In der Arbeitswirklichkeit setze ich mich auch in meinen Trainings dafür ein, dass wir stärker mit Expertenteams mit unterschiedlichen kulturellen und sich ergänzenden fachlichen Kompetenzen arbeiten. Das ist mir ein ganz wichtiges Anliegen. Aufgrund der schnellen Veränderungen müssen wir heute in wechselnden Teams zusammenarbeiten und immer auch eine globale Perspektive mitbedenken. Das kann man in Trainings und Design Sprints simulieren. Denn „Diversität“ wird für die weitere dynamische Entwicklung unserer digitalen Netzwerkgesellschaften ausschlaggebend sein. Alles um uns herum und in unserem Alltag verändert sich rasant, gleichzeitig sind globale und lokale Interessen voneinander abhängig. Durch Corona ist diese Lektion auf tragische Weise sichtbar geworden. Wir müssen es hinbekommen, für die Fragen und Lösungen, die wir in unseren Gesellschaften, Unternehmen und Schulen werden bearbeiten müssen, viele unterschiedliche Perspektiven einzubinden – sonst verspielen wir die Zukunft der Menschheit und unseres Planeten. Die Uhr steht bereits auf fünf vor zwölf.

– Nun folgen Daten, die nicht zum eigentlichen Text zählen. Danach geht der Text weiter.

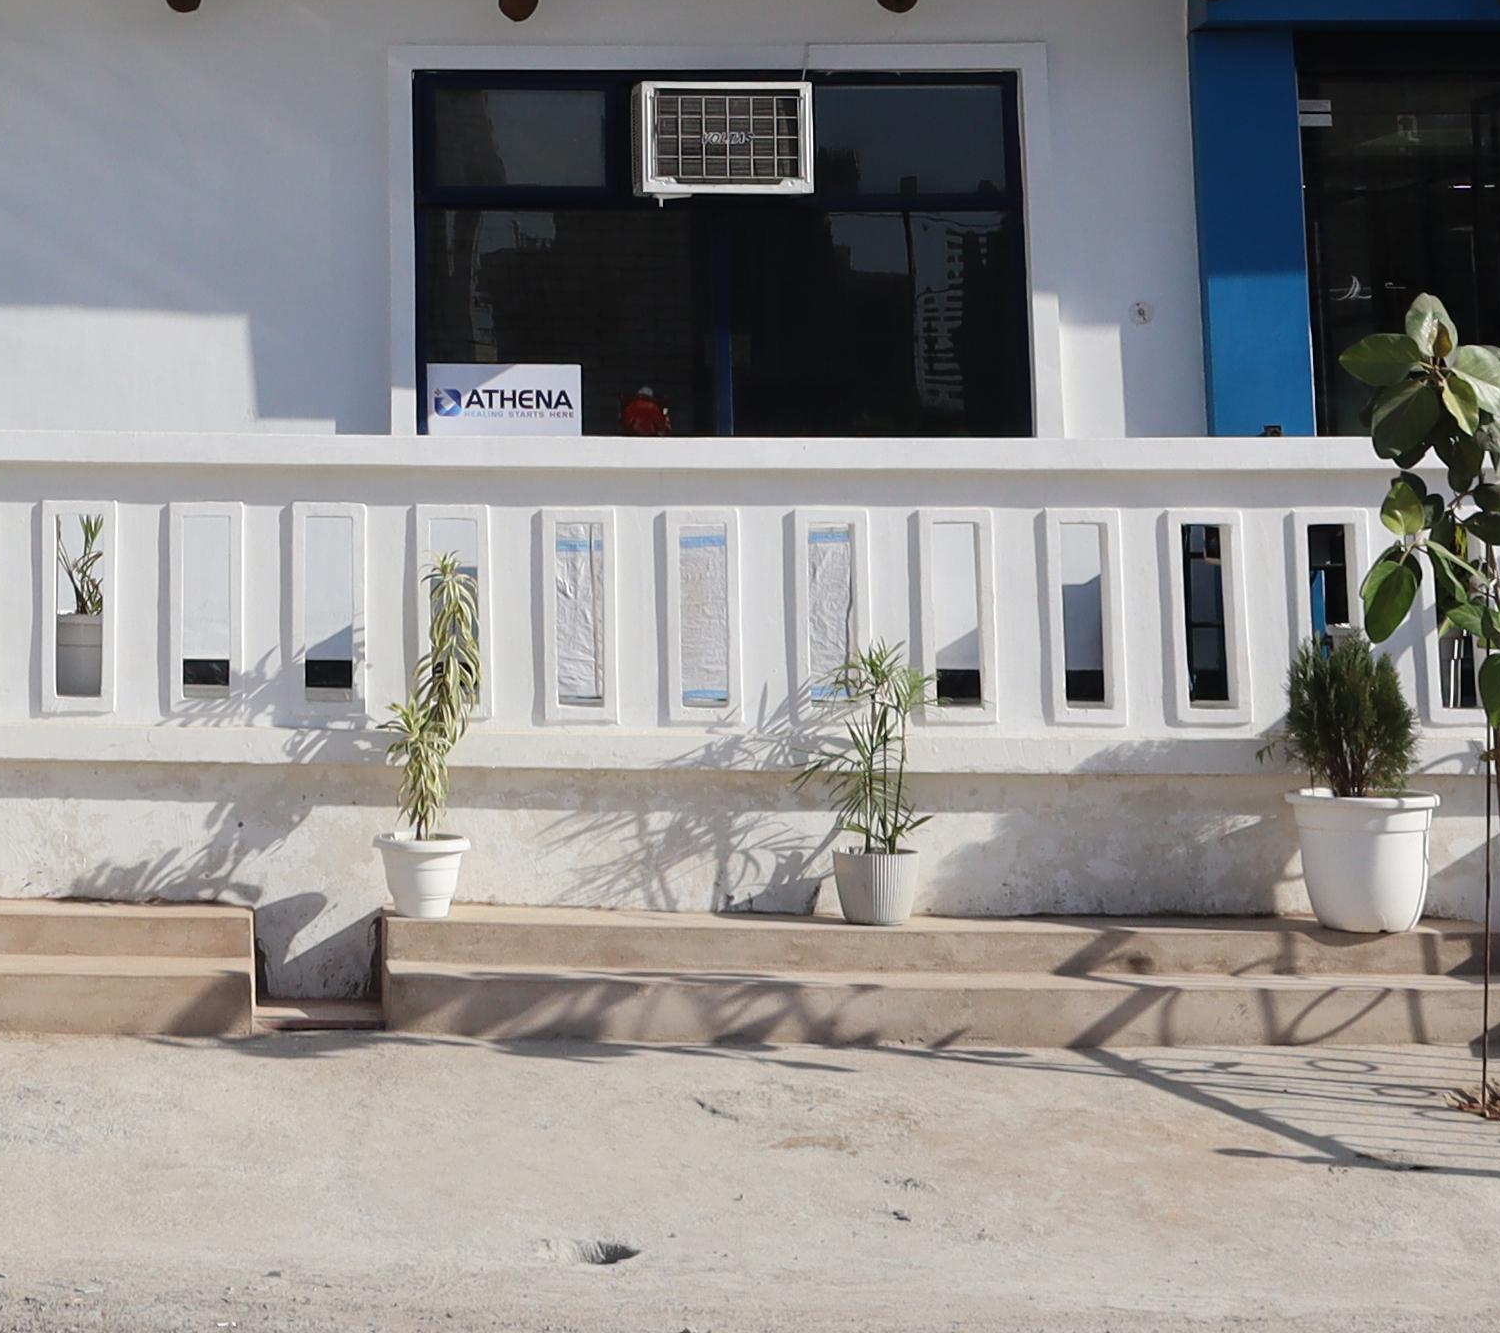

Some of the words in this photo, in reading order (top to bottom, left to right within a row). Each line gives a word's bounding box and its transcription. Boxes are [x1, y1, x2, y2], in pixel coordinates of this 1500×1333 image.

[465, 388, 574, 409] ATHENA
[508, 410, 545, 418] STARTS
[549, 410, 575, 418] HERE

Wie es sich für eine echte Content Queen gehört, habe ich am selben Tag wie die englische Queen Geburtstag, am 21. April. Sie feiert immer im Sommer, wenn das Wetter angeblich für die Parade besser ist. Ich feiere nur, wenn es sich ergibt. Bei meinem ersten Besuch in London während einer Schulreise, bin ich zum Buckingham Palace spaziert, habe den Queen’s Guards meinen Pass gezeigt und gefragt, ob Sie mich bei ihr zum Tee anmelden. Nein, ich glaubte nicht daran, dass sie mir die Türe öffnen würden. Aber ich wollte sie dazu bringen, dass sie mit mir kommunizieren, ihr Gesicht verziehen, lächeln oder etwas sagen. Nichts geschah, sie blieben reglos und stummer als die Nussknacker. Glücklicherweise verlaufen meine Gespräche sonst lebhafter.

Irgendwann im letzten Frühjahr 2020 tauchten die Content Queens (CQ) in meinem Gesichtsfeld auf LinkedIn auf und wie man so schön sagt, ich fing an, in einige der Gespräche auf dem CQ Profil hineinzuhören. Schließlich wollte ich für mein neues Buch „Social Storytelling. Wie Storytelling heute in Social Media funktioniert“, das am 23. April beim Rheinwerk Verlag erscheint (yippie!), unbedingt eine weibliche Expertin zu Medienrecht und Social Media finden, die ihre Tipps im Buch mit uns teilt.

Ich fragte eine Content Queen über eine private Nachricht nach einer Empfehlung. Tatsächlich habe ich so die preisgekrönte Journalistin, Dozentin und frühere Leiterin der Social Media Redaktion der „Berliner Morgenpost“ Deana Mrkaja kennengelernt und wir arbeiten jetzt zusammen.

Danach habe ich mit der inspirierenden CQ Gründerin Christine van Tübbergen direkt gesprochen. Sie lud mich ein, als Mentorin und Content Creator dem Netzwerk beizutreten. Jetzt helfe ich als Lead für Intro-Videos und YouTube.

Mich überzeugt die Grundidee eines globalen Netzwerks mit weiblichen Expertinnen für Content Creation, eCommerce und Kommunikation. Das ist eine Top Idee und übrigens auch gelebte Diversität. Mich überzeugt außerdem das fantastische Dreier-Leitungsteam mit Christine van Tübbergen, unsere Expertin für eCommerce und für mich auch eine superbegabte Kommunikatorin, mit New Work Spezialistin Eva Holden, und mit Melanie Mira Fischer, unsere brilliante professionelle Schauspielerin und Event Managerin, auch für Kunstausstellungen. Sie haben alle drei viel zu erzählen, es macht Spaß ihre digitale Kompetenz und ihre Aufmerksamkeit für andere zu erleben und mit ihnen neue Projekte auszuhecken.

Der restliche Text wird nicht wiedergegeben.